(Beginning of DATASET EXCERPTS)
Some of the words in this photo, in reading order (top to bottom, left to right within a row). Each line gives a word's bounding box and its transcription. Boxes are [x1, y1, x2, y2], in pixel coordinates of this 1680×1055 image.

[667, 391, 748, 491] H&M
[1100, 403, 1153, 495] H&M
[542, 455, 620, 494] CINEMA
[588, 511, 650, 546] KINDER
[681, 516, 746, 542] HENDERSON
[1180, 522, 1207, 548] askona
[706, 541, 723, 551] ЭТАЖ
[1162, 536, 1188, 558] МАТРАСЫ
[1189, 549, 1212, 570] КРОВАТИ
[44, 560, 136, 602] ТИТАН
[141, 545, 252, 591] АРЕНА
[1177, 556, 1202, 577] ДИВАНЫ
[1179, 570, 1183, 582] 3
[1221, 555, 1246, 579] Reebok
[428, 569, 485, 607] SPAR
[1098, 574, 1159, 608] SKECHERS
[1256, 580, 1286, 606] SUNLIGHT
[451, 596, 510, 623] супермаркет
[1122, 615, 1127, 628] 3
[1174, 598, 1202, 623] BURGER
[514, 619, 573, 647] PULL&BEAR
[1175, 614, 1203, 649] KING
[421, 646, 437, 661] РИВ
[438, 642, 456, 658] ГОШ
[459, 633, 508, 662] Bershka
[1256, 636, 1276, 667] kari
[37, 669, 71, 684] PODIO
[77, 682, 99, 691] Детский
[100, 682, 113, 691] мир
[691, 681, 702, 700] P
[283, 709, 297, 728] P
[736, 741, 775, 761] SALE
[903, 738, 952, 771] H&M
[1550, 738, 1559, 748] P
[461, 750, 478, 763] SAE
(End of DATASET EXCERPTS)
## EXERCISE DIRECTIONS:
Word for word, give the records again.

## ANSWER FOR THIS EXERCISE:
Some of the words in this photo, in reading order (top to bottom, left to right within a row). Each line gives a word's bounding box and its transcription. Boxes are [x1, y1, x2, y2], in pixel coordinates of this 1680×1055 image.

[667, 391, 748, 491] H&M
[1100, 403, 1153, 495] H&M
[542, 455, 620, 494] CINEMA
[588, 511, 650, 546] KINDER
[681, 516, 746, 542] HENDERSON
[1180, 522, 1207, 548] askona
[706, 541, 723, 551] ЭТАЖ
[1162, 536, 1188, 558] МАТРАСЫ
[1189, 549, 1212, 570] КРОВАТИ
[44, 560, 136, 602] ТИТАН
[141, 545, 252, 591] АРЕНА
[1177, 556, 1202, 577] ДИВАНЫ
[1179, 570, 1183, 582] 3
[1221, 555, 1246, 579] Reebok
[428, 569, 485, 607] SPAR
[1098, 574, 1159, 608] SKECHERS
[1256, 580, 1286, 606] SUNLIGHT
[451, 596, 510, 623] супермаркет
[1122, 615, 1127, 628] 3
[1174, 598, 1202, 623] BURGER
[514, 619, 573, 647] PULL&BEAR
[1175, 614, 1203, 649] KING
[421, 646, 437, 661] РИВ
[438, 642, 456, 658] ГОШ
[459, 633, 508, 662] Bershka
[1256, 636, 1276, 667] kari
[37, 669, 71, 684] PODIO
[77, 682, 99, 691] Детский
[100, 682, 113, 691] мир
[691, 681, 702, 700] P
[283, 709, 297, 728] P
[736, 741, 775, 761] SALE
[903, 738, 952, 771] H&M
[1550, 738, 1559, 748] P
[461, 750, 478, 763] SAE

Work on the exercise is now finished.